Task description
Copy the entries below exactly; any picture among them should be left out.

Collected data:

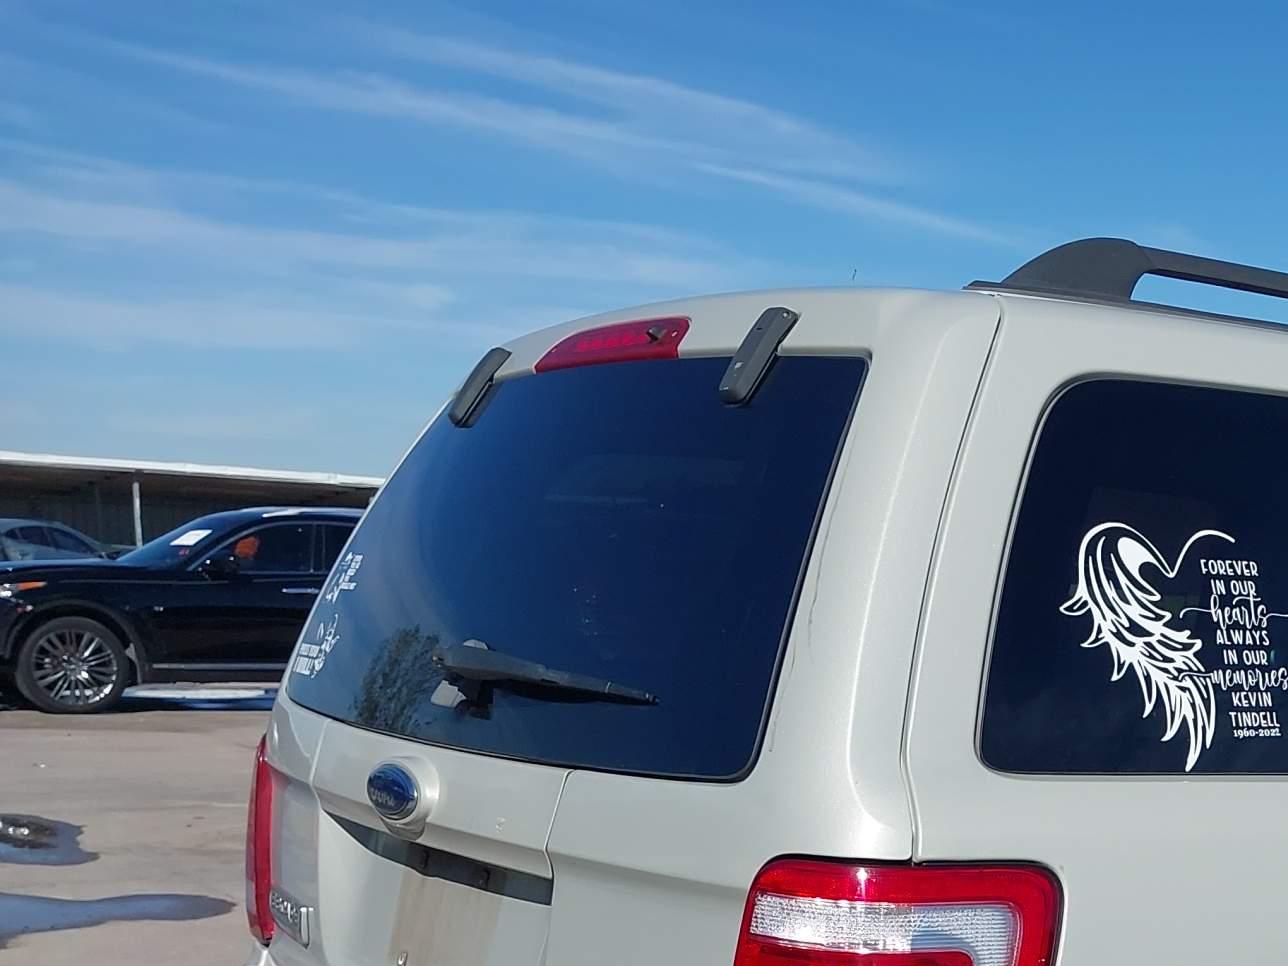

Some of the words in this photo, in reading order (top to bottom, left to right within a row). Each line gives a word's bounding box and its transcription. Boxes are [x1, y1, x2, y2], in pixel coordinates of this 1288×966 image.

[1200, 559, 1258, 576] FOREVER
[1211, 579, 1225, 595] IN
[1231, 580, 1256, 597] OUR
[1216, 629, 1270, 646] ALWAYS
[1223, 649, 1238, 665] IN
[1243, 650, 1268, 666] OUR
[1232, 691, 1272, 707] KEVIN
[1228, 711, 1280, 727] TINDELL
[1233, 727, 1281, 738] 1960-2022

Your solution
Some of the words in this photo, in reading order (top to bottom, left to right within a row). Each line gives a word's bounding box and its transcription. Boxes are [x1, y1, x2, y2], in pixel coordinates of this 1288×966 image.

[1200, 559, 1258, 576] FOREVER
[1211, 579, 1225, 595] IN
[1231, 580, 1256, 597] OUR
[1216, 629, 1270, 646] ALWAYS
[1223, 649, 1238, 665] IN
[1243, 650, 1268, 666] OUR
[1232, 691, 1272, 707] KEVIN
[1228, 711, 1280, 727] TINDELL
[1233, 727, 1281, 738] 1960-2022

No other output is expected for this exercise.